Insieme ad aducanumab sono i primi due farmaci che agiscono modificando l’evoluzione naturale della malattia. Fino ad oggi avevamo solamente farmaci sintomatici, capaci cioè di ridurre i sintomi della malattia, dall’agitazione al disorientamento, senza però interferire con la malattia sottostante. Questi invece sono i primi che modificano la curva di peggioramento naturale della malattia. Su una persona di 70 anni con una malattia progressiva che toglie l’autonomia come l’Alzheimer, lecanemab potrebbe ridurre il costo personale personale e sociale della sua gestione e garantire una buona qualità di vita per un periodo di tempo più lungo.

Proviamo a dare uno sguardo a 360°: cosa c’è oggi all’orizzonte nel trattamento della malattia di Alzheimer?
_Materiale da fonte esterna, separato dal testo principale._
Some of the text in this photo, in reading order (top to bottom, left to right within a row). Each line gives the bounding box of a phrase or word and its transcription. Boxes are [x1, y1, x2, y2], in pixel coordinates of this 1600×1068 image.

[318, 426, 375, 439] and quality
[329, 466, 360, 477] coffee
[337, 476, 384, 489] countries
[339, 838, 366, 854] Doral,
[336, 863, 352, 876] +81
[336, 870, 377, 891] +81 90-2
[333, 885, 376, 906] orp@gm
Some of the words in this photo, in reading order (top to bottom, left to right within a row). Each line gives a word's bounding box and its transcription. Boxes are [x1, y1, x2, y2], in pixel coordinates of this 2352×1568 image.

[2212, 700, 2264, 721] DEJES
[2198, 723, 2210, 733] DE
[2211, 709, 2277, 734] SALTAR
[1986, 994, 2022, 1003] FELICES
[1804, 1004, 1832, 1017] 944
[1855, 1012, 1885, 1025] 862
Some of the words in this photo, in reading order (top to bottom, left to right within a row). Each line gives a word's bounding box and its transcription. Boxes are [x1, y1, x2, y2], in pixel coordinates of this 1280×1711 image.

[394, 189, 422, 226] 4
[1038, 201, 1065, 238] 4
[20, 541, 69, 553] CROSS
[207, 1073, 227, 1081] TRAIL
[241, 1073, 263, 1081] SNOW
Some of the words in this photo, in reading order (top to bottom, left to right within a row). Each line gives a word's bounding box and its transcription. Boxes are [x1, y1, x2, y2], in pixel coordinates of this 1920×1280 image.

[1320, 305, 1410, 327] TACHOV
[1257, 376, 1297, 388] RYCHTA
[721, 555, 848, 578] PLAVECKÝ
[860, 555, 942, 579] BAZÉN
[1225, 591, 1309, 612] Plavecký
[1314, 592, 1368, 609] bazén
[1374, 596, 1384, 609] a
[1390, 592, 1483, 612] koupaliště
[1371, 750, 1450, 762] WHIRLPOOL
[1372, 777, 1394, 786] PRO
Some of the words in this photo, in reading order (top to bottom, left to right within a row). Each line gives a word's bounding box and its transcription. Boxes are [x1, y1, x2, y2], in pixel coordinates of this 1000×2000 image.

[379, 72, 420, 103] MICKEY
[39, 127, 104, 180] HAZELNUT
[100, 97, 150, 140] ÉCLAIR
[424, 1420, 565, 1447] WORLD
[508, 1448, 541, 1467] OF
Fino ad ora la ricerca si è concentrata maggiormente sulla beta amiloide, e questo approccio sta cominciando a dare i primi risultati. Sappiamo però che l’Alzheimer è una malattia multifattoriale e nella quale intervengono altri elementi, come la proteina tau e in cui insorgono anche un quadro cronico di ipoglicemia, di ipoperfusione e di problemi di ossidanti che agiscono con processi pro-infiammatori. Ci sono tanti fattori coinvolti nella malattia e per ora ne stiamo contrastando solo uno. Bisognerà quindi aspettare alcuni trial attualmente in corso e dedicati allo studio di molecole dirette su altri fattori. Alla lunga credo che arriveremo a ragionare come fatto con Aids, quando furono sviluppati i farmaci trivalenti in cui ognuna delle tre sostanze agiva contemporaneamente su un fattore diverso.

Ma arriveremo mai a una cura definitiva?

Mi occupo di Alzheimer da quasi 30 anni e troppe volte ho detto frasi di speranza purtroppo rimaste deluse. Bisogna essere prudenti perché ogni parola impatta sulle famiglie dei pazienti in modo devastante. Dire che tra cinque anni avremo trovato una cura non sarebbe corretto. La mia esperienza però mi dice che una volta che si apre una nuova porta terapeutica, ogni anno poi arriva sempre qualcosa di nuovo: speriamo.

Se un giorno questo farmaco venisse autorizzato a livello globale e il suo utilizzo esteso a un pubblico molto più vasto, come potremmo identificare i pazienti più suscettibili alla sua efficacia?

La popolazione di riferimento per il lecanemab, quei pazienti cioè con una forma lieve di Alzheimer, è costituita da oltre 735mila persone. In questa platea sappiamo che il 50% rischia la demenza e l’altra metà invece non svilupperà la malattia. Dato a queste persone, il farmaco sarebbe dunque “sprecato” e anche rischioso visti gli effetti collaterali che porta con sé. Per decidere chi ne ha bisogno con urgenza e chi no serve uno strumento adeguato che nel mondo non esiste ancora ma che in Italia avremo entro la fine del 2023. Nel 2018, infatti, abbiamo lanciato un progetto nazionale chiamato “Interceptor”, di cui sono coordinatore nazionale, dedicato allo studio di 5 biomarcatori di malattia su 500 soggetti reclutarti e seguiti per i 3 anni previsti dal progetto. Grazie ai risultati del progetto potremo dire qual è l’insieme di biomacatori (o il singolo biomarcatore) più accurato per stabilire se un soggetto ha un rischio di Alzheimer del 95%, del 50% o 0 e capire quindi a chi destinare il farmaco.